▶ _Problem description_:
Repeat, word for word, each of the records shown below, without their pictures.

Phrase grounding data
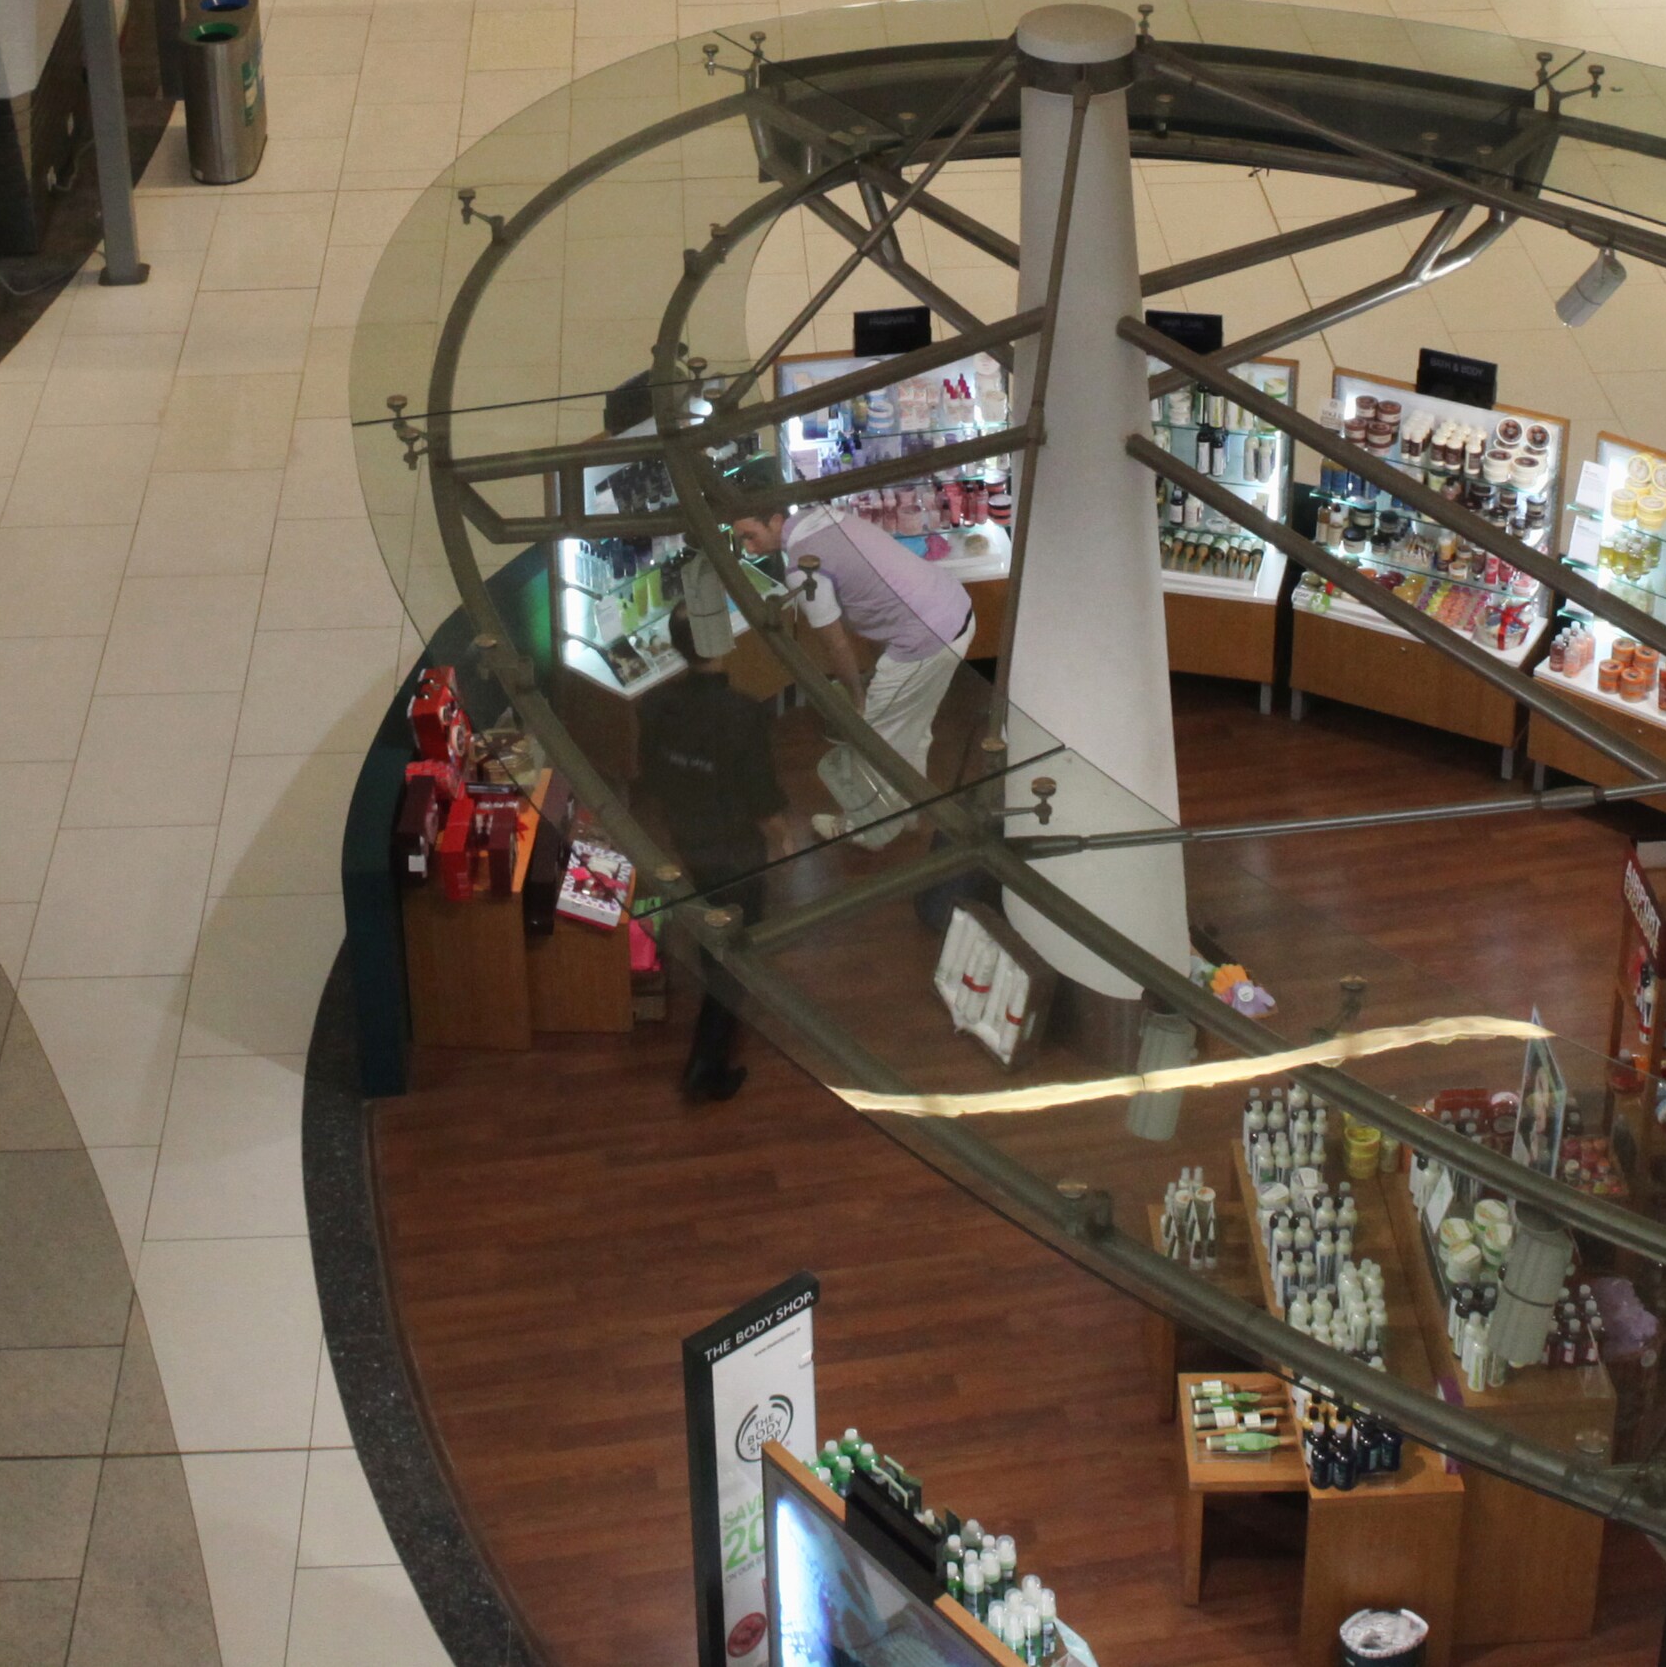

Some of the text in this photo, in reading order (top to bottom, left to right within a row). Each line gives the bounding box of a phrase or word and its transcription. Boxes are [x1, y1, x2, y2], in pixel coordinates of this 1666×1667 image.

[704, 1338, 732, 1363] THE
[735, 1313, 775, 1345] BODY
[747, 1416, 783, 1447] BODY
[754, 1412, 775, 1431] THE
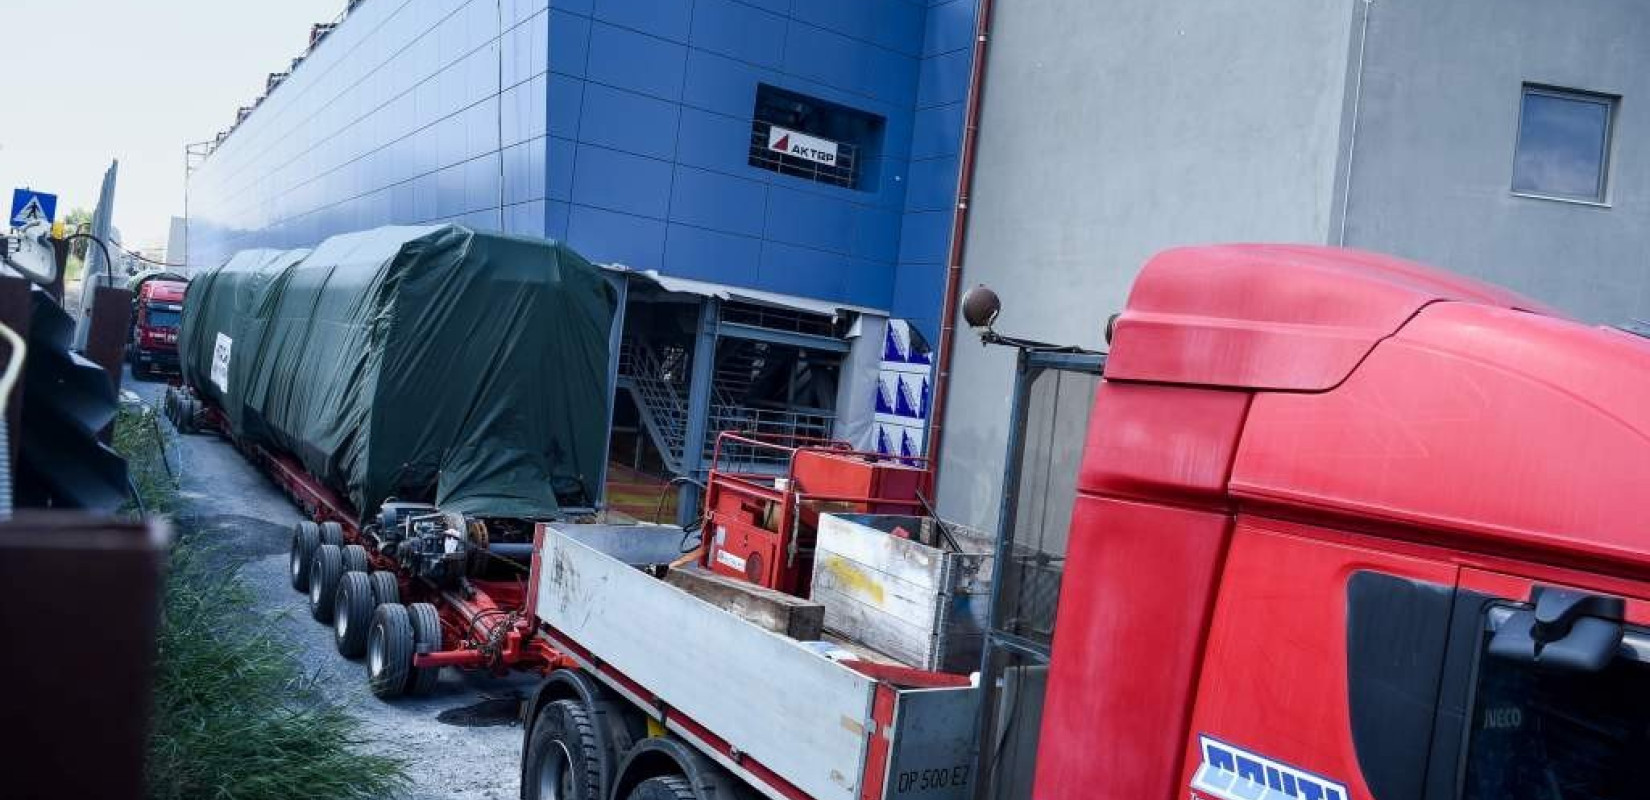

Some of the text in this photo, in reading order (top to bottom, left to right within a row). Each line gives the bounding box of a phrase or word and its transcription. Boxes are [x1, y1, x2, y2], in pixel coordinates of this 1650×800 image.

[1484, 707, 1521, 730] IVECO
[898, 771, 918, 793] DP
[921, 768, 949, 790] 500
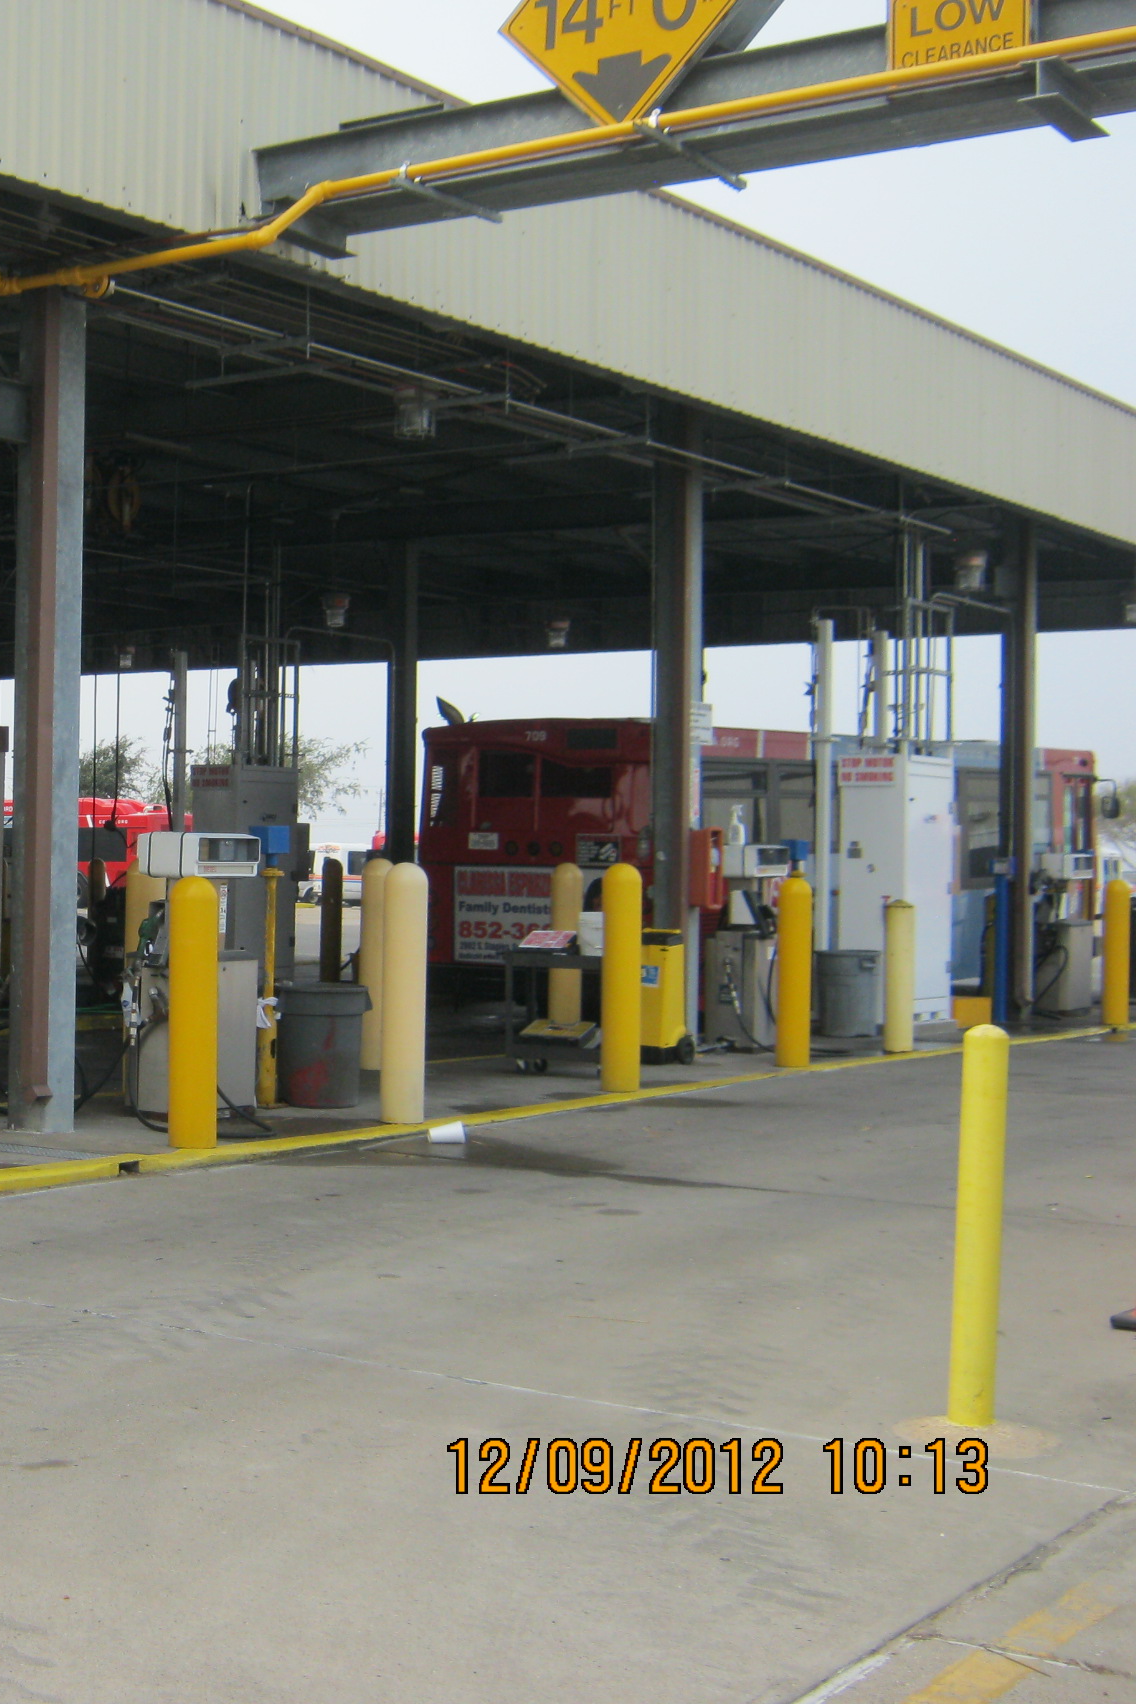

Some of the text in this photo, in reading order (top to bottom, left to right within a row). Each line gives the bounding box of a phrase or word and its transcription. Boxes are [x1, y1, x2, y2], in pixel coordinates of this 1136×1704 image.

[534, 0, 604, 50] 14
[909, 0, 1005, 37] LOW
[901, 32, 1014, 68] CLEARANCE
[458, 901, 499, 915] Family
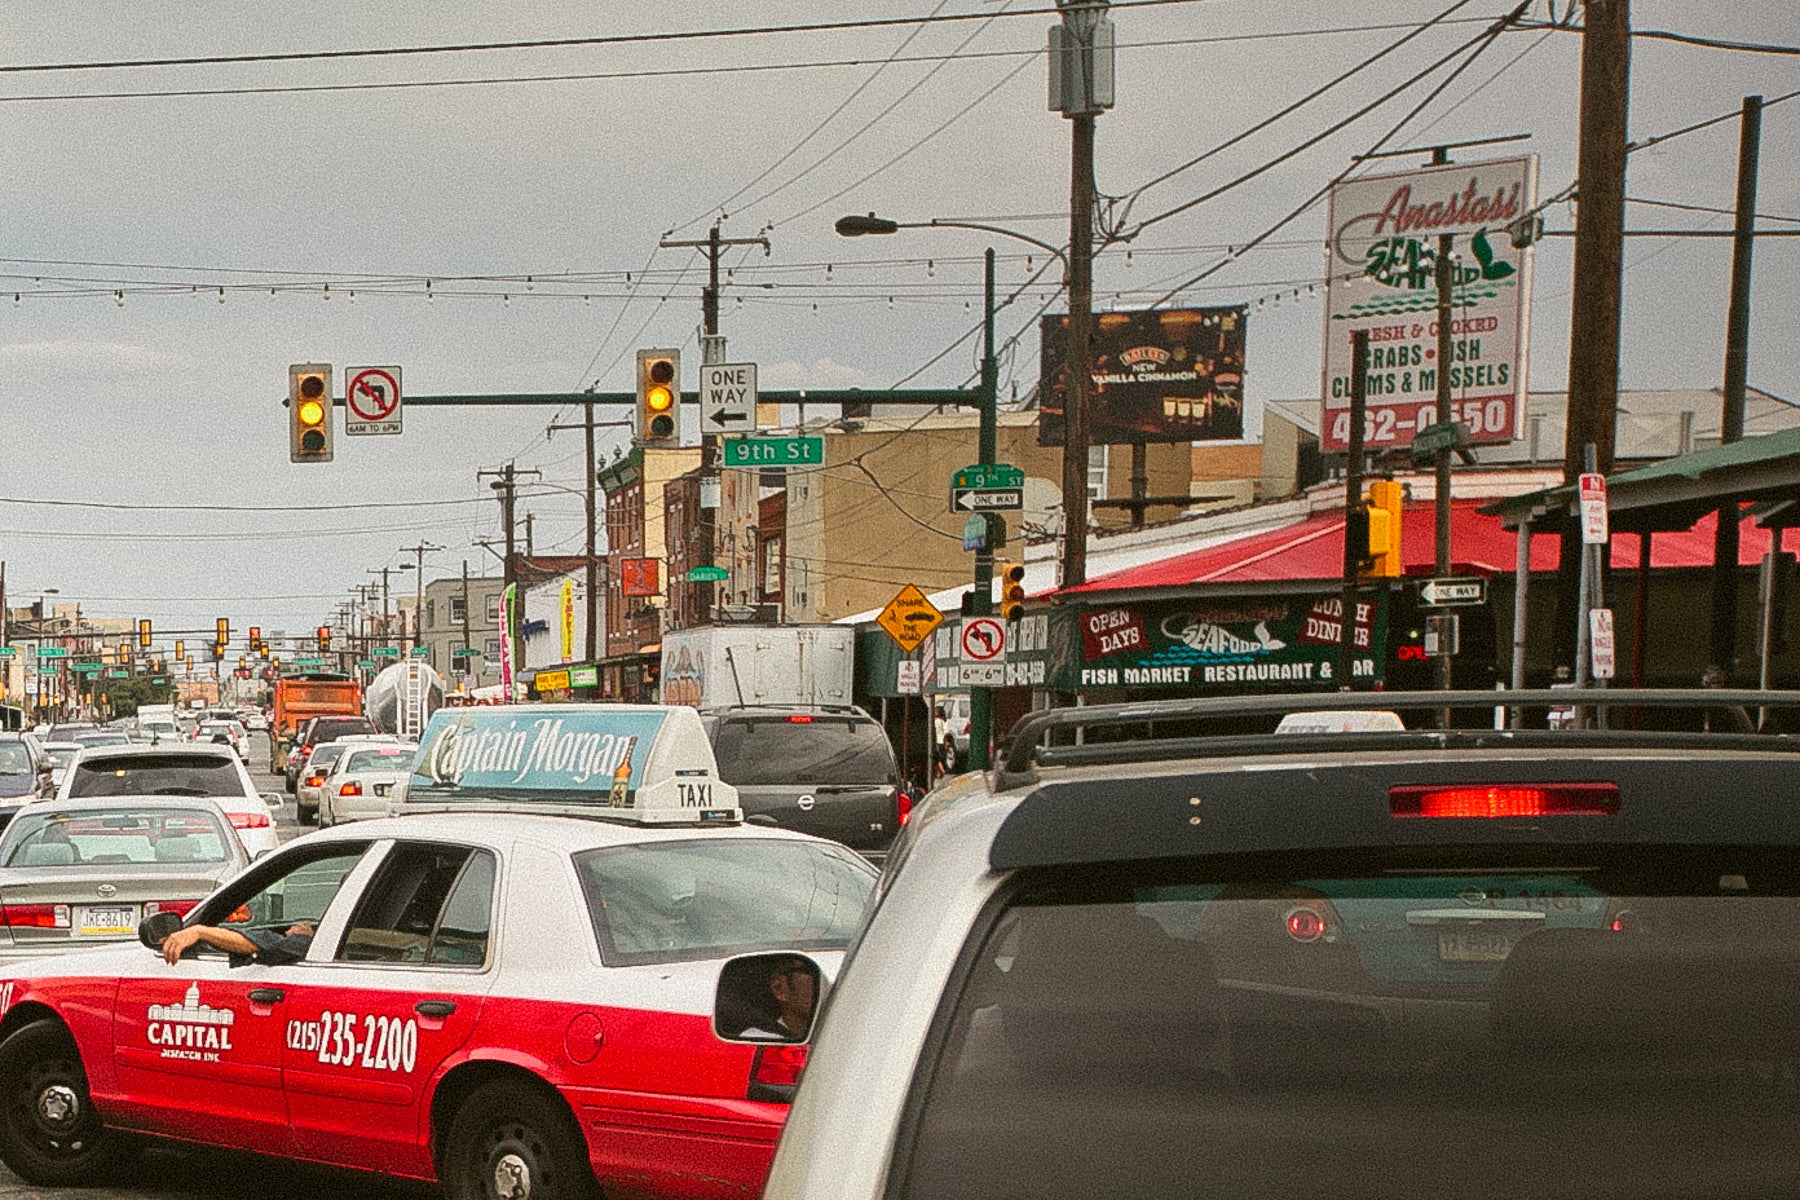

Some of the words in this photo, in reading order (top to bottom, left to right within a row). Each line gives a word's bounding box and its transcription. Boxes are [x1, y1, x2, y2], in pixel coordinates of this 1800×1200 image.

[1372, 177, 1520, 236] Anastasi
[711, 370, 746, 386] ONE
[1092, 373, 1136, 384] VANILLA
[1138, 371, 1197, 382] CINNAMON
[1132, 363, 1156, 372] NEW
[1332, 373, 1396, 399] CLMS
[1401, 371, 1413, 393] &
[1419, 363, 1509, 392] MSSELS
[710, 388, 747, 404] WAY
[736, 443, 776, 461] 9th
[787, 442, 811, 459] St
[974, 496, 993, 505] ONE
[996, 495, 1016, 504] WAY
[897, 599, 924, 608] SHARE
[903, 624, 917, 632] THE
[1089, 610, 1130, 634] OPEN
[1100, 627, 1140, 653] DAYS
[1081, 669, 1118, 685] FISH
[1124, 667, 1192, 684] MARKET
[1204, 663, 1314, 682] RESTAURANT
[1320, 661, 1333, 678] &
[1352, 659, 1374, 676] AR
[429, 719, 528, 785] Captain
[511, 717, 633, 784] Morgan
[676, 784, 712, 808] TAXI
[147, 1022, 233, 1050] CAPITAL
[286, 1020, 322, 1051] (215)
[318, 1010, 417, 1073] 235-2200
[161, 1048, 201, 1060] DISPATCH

▶ _Exercise solution_:
Some of the text in this photo, in reading order (top to bottom, left to right within a row). Each line gives the bounding box of a phrase or word and its transcription. Boxes are [x1, y1, x2, y2], in pixel coordinates of this 1666×1667 image.

[704, 1338, 732, 1363] THE
[735, 1313, 775, 1345] BODY
[747, 1416, 783, 1447] BODY
[754, 1412, 775, 1431] THE

Some of the text in this photo, in reading order (top to bottom, left to right within a row). Each line gives the bounding box of a phrase or word and its transcription. Boxes are [x1, y1, x2, y2], in pixel coordinates of this 1650×800 image.

[1484, 707, 1521, 730] IVECO
[898, 771, 918, 793] DP
[921, 768, 949, 790] 500

Some of the text in this photo, in reading order (top to bottom, left to right within a row). Each line gives the bounding box of a phrase or word and its transcription. Boxes are [x1, y1, x2, y2], in pixel coordinates of this 1136×1704 image.

[534, 0, 604, 50] 14
[909, 0, 1005, 37] LOW
[901, 32, 1014, 68] CLEARANCE
[458, 901, 499, 915] Family

Some of the words in this photo, in reading order (top to bottom, left to right within a row). Each line gives a word's bounding box and its transcription. Boxes are [x1, y1, x2, y2], in pixel coordinates of this 1800×1200 image.

[1372, 177, 1520, 236] Anastasi
[711, 370, 746, 386] ONE
[1092, 373, 1136, 384] VANILLA
[1138, 371, 1197, 382] CINNAMON
[1132, 363, 1156, 372] NEW
[1332, 373, 1396, 399] CLMS
[1401, 371, 1413, 393] &
[1419, 363, 1509, 392] MSSELS
[710, 388, 747, 404] WAY
[736, 443, 776, 461] 9th
[787, 442, 811, 459] St
[974, 496, 993, 505] ONE
[996, 495, 1016, 504] WAY
[897, 599, 924, 608] SHARE
[903, 624, 917, 632] THE
[1089, 610, 1130, 634] OPEN
[1100, 627, 1140, 653] DAYS
[1081, 669, 1118, 685] FISH
[1124, 667, 1192, 684] MARKET
[1204, 663, 1314, 682] RESTAURANT
[1320, 661, 1333, 678] &
[1352, 659, 1374, 676] AR
[429, 719, 528, 785] Captain
[511, 717, 633, 784] Morgan
[676, 784, 712, 808] TAXI
[147, 1022, 233, 1050] CAPITAL
[286, 1020, 322, 1051] (215)
[318, 1010, 417, 1073] 235-2200
[161, 1048, 201, 1060] DISPATCH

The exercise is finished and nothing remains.